■ Input for this task ■
┏━━
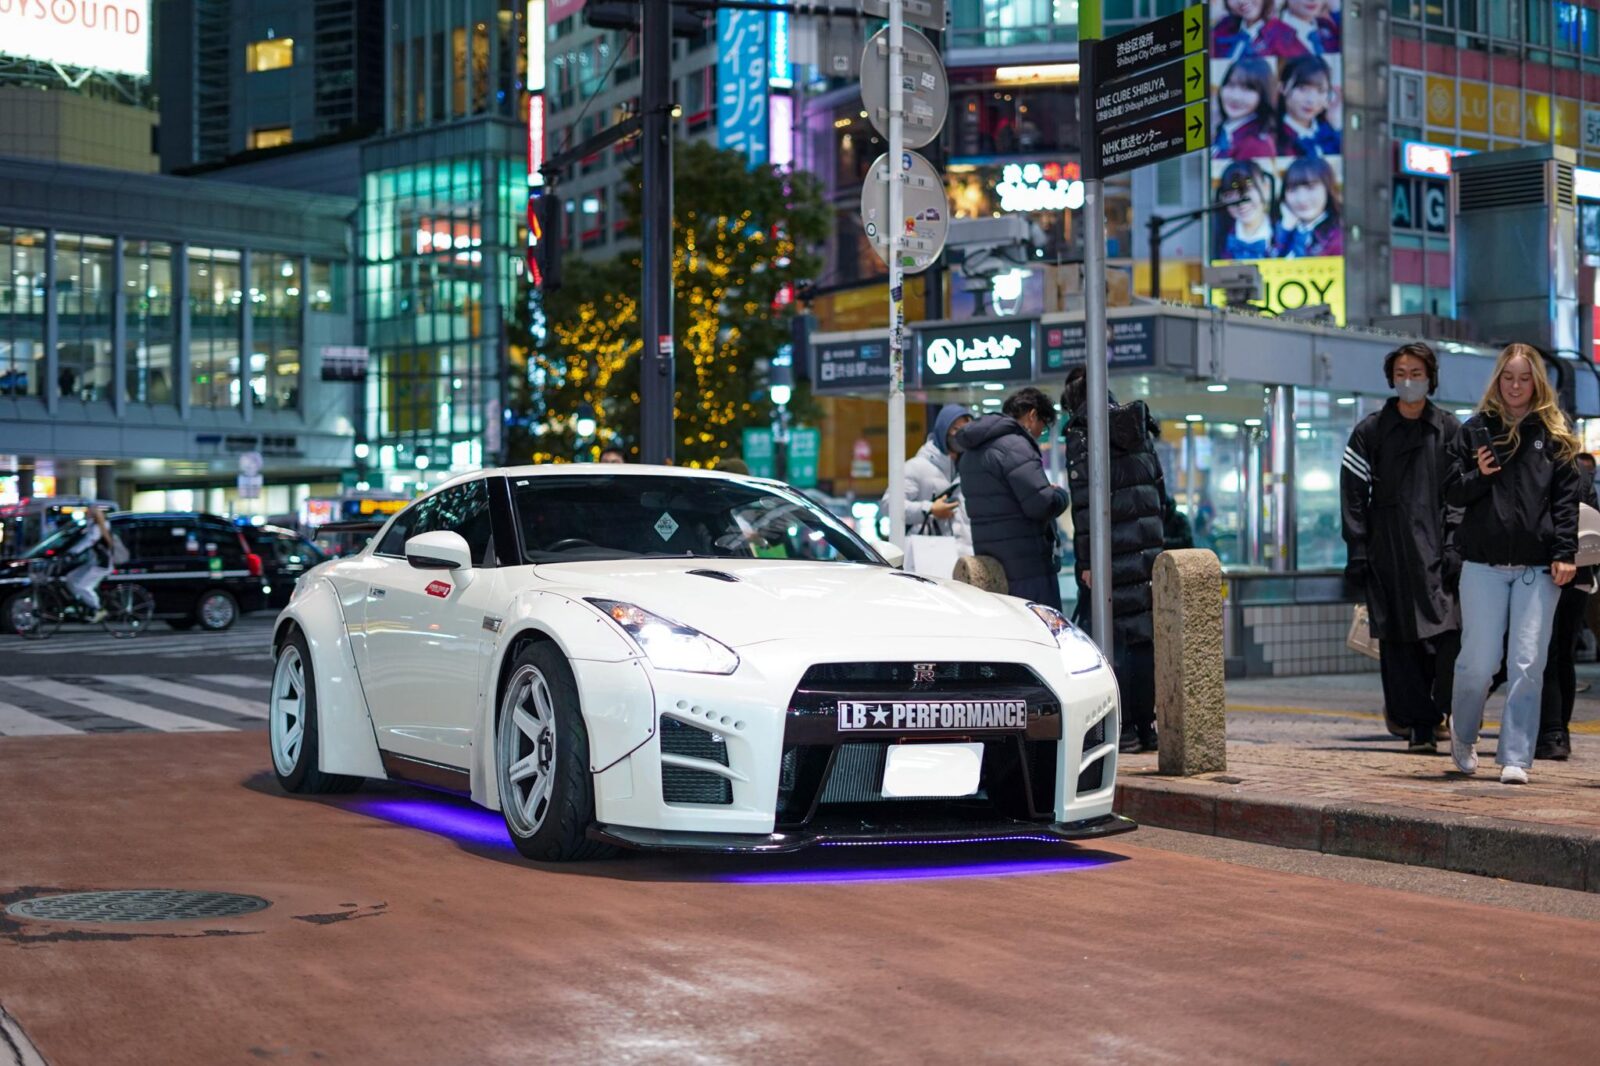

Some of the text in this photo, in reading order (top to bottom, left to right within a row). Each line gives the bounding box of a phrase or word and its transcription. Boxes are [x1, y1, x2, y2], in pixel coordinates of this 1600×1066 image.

[1117, 33, 1154, 57] 渋谷区役所
[1117, 54, 1138, 68] Shibuya
[1138, 49, 1149, 60] City
[1149, 44, 1167, 55] Office
[1096, 77, 1165, 110] LINE CUBE SHIBUYA
[1125, 97, 1144, 112] Shibuya
[1144, 93, 1159, 106] Public
[1159, 90, 1169, 101] Hall
[1102, 155, 1115, 167] NHK
[1115, 147, 1150, 163] Broadcasting
[1150, 140, 1168, 152] Center
[841, 702, 1025, 729] LB PERFORMANCE
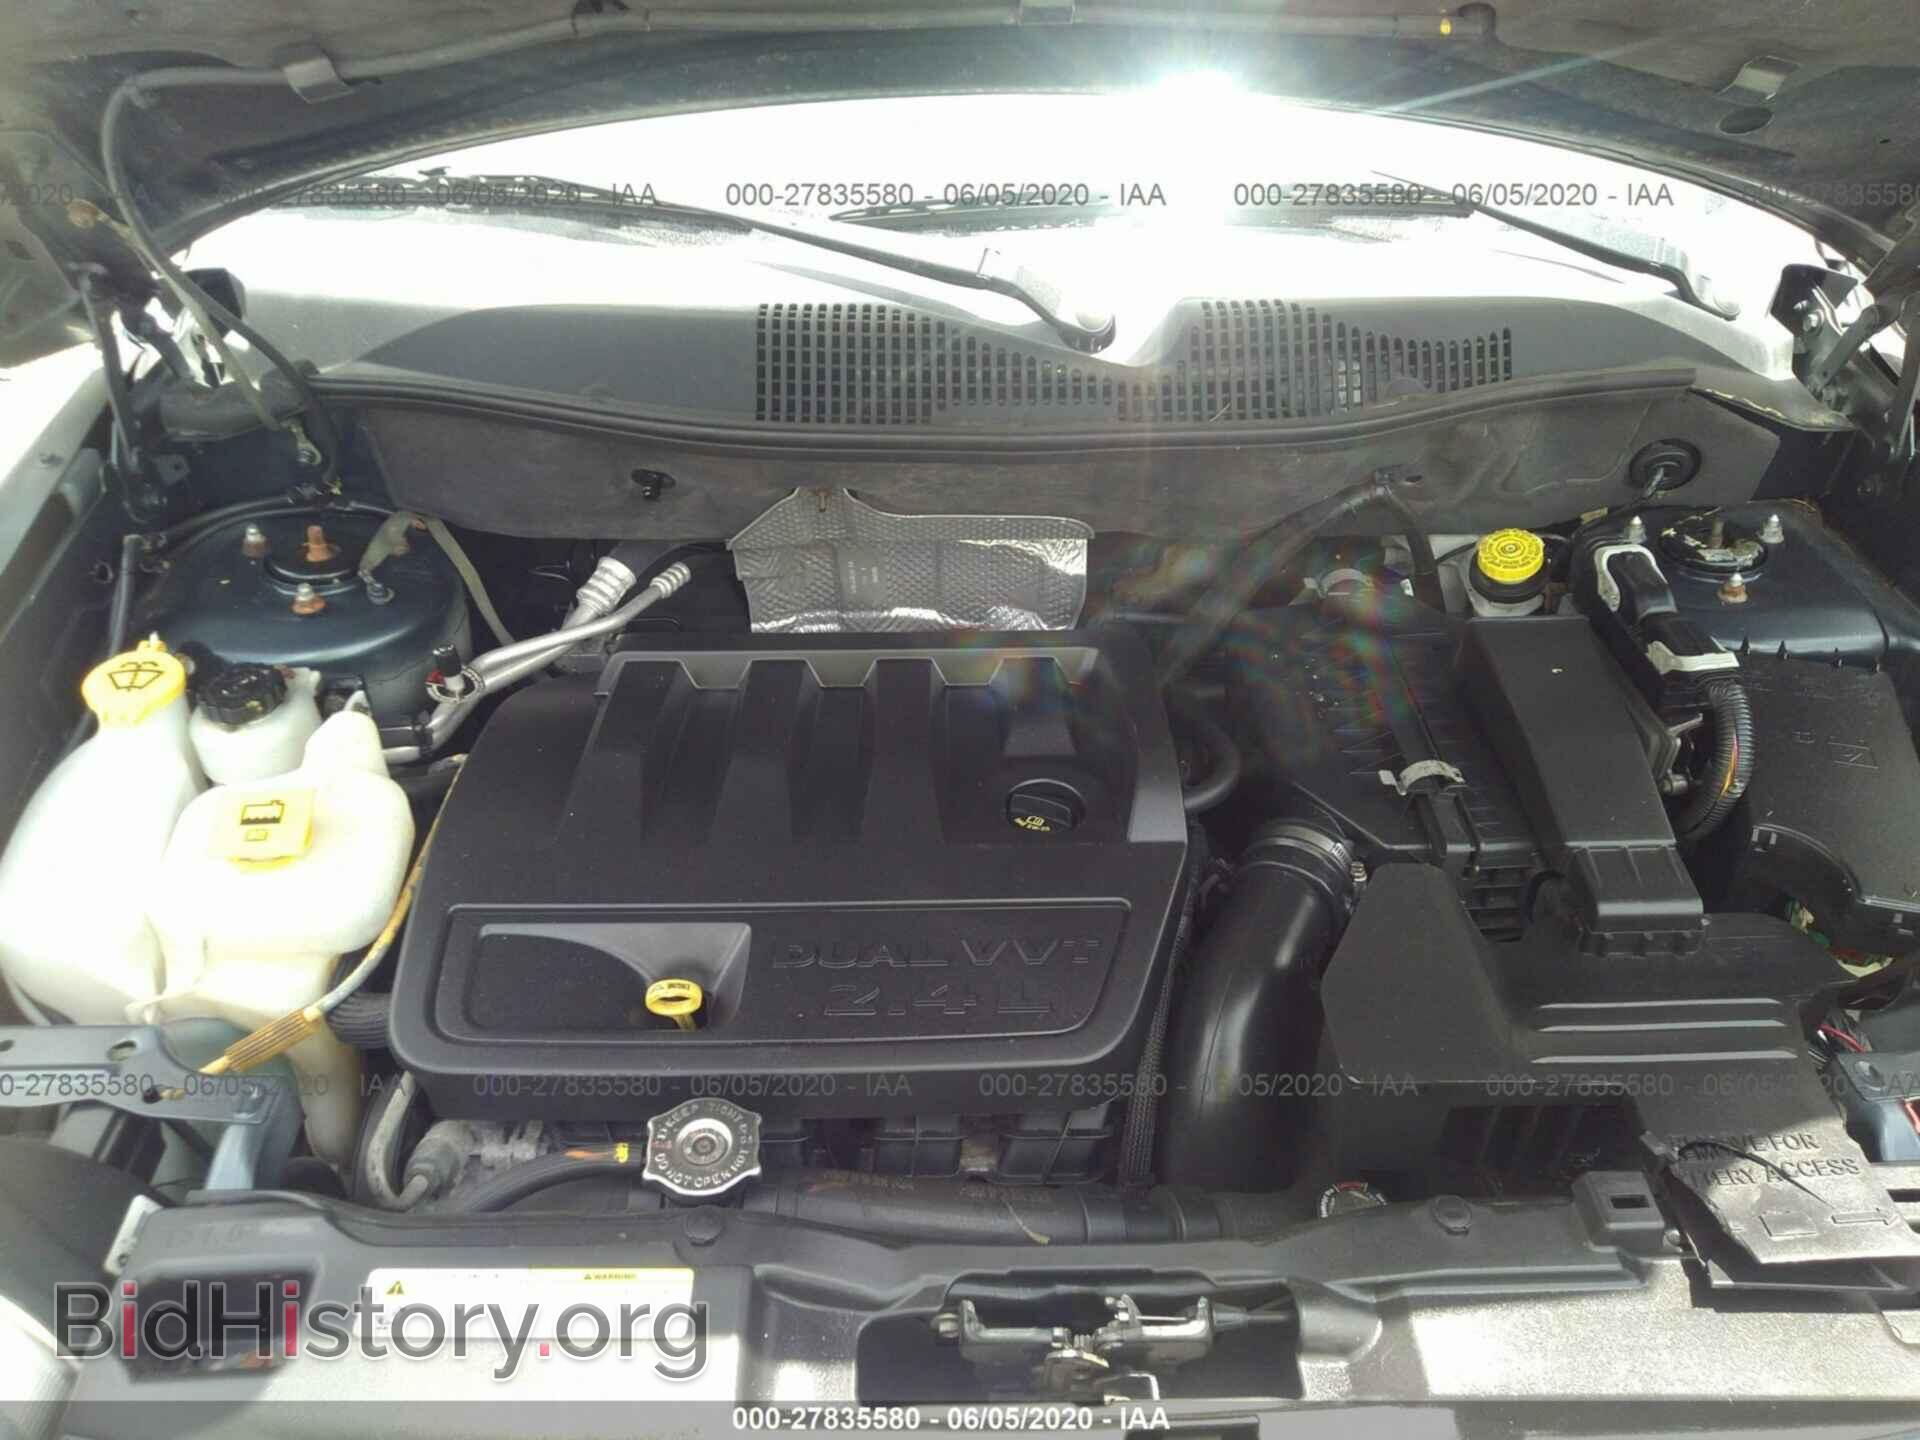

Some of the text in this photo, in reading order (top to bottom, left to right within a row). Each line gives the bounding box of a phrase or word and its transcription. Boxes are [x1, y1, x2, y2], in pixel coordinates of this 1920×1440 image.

[773, 937, 1100, 968] DUAL VVT
[824, 980, 1050, 1015] 2.4L
[1768, 1132, 1821, 1151] FOR
[1764, 1157, 1861, 1184] ACCESS
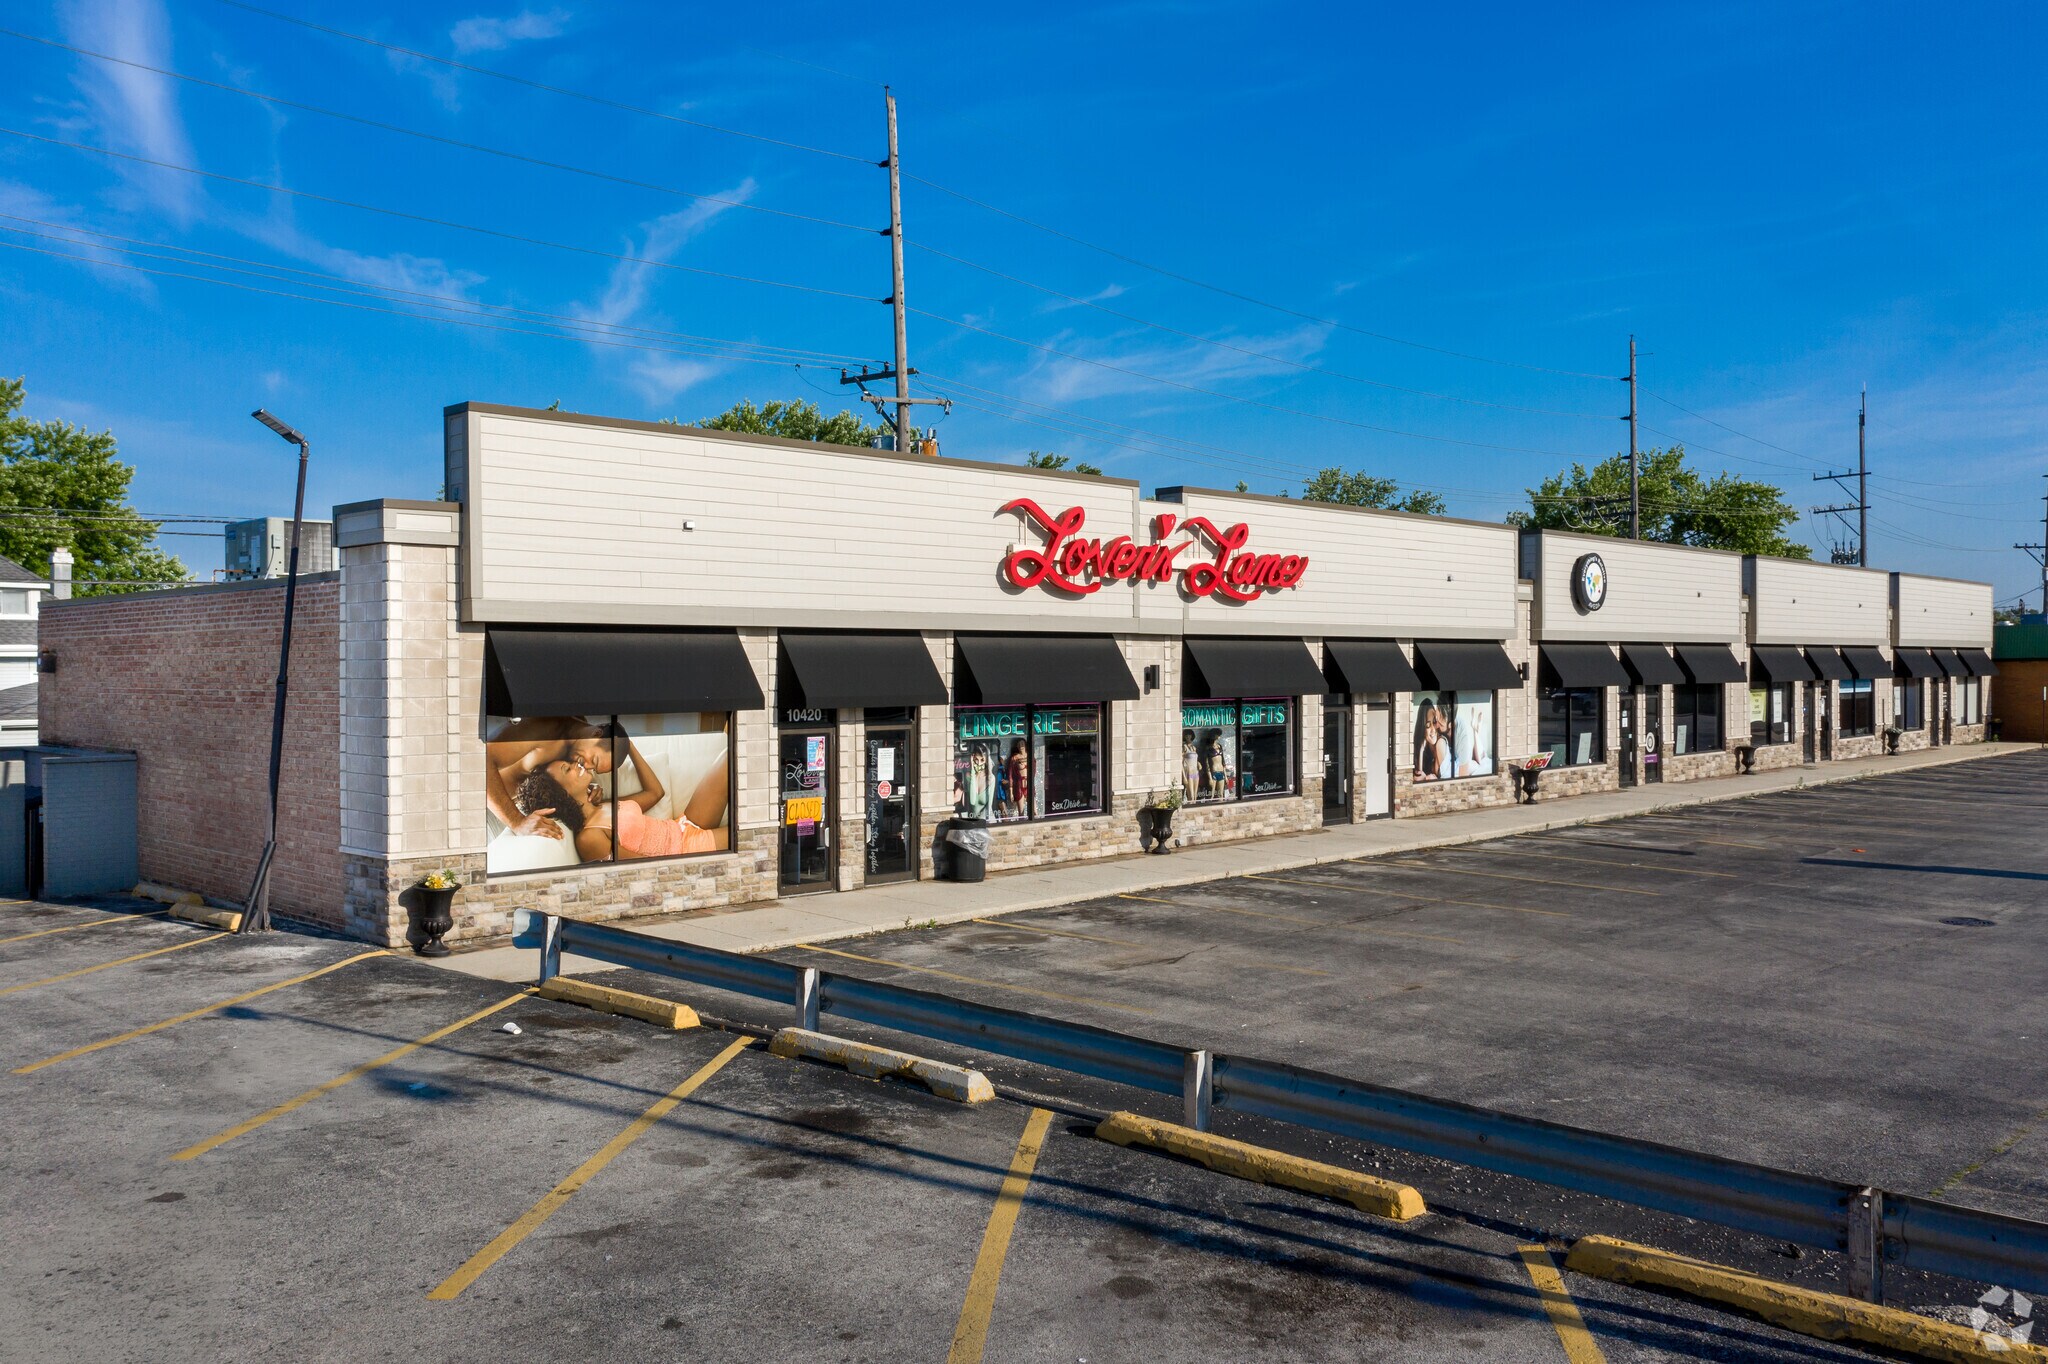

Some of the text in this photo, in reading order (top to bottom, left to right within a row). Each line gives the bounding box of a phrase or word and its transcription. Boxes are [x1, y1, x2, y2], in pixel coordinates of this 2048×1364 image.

[1182, 516, 1309, 601] Lane
[787, 709, 822, 722] 10420
[960, 711, 1062, 738] LINGERIE
[1181, 704, 1285, 727] ROMANTIC GIFTS
[1526, 757, 1550, 769] OPEN
[788, 800, 821, 822] CLOSED
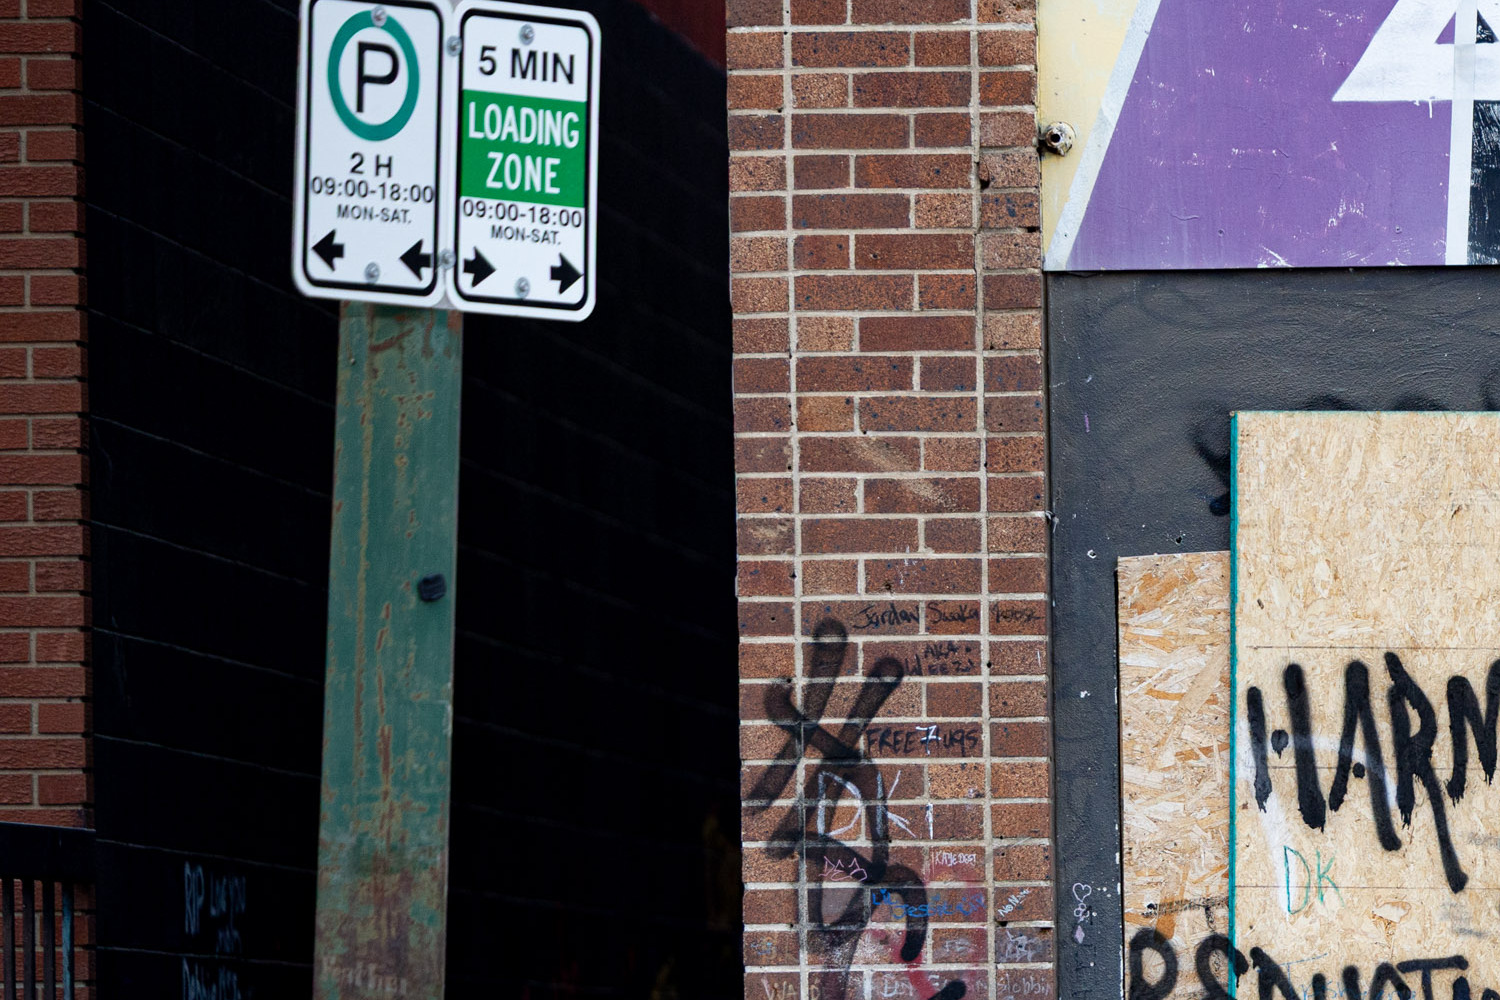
┗━━
■ What the task requires ■
Once the line containing "this 1920×1440 image." is found, write out exactly that line and each line after it through the end of the entries, omitting pictures.

■ Result of this exercise ■
Some of the text in this photo, in reading order (top to bottom, left to right within a row). Each line gives the bounding box of a phrase or word and its transcription. Boxes are [x1, y1, x2, y2], in pixel coordinates of this 1920×1440 image.

[773, 937, 1100, 968] DUAL VVT
[824, 980, 1050, 1015] 2.4L
[1768, 1132, 1821, 1151] FOR
[1764, 1157, 1861, 1184] ACCESS

Some of the text in this photo, in reading order (top to bottom, left to right within a row). Each line gives the bounding box of a phrase or word and its transcription. Boxes are [x1, y1, x2, y2], in pixel coordinates of this 2048×1364 image.

[1182, 516, 1309, 601] Lane
[787, 709, 822, 722] 10420
[960, 711, 1062, 738] LINGERIE
[1181, 704, 1285, 727] ROMANTIC GIFTS
[1526, 757, 1550, 769] OPEN
[788, 800, 821, 822] CLOSED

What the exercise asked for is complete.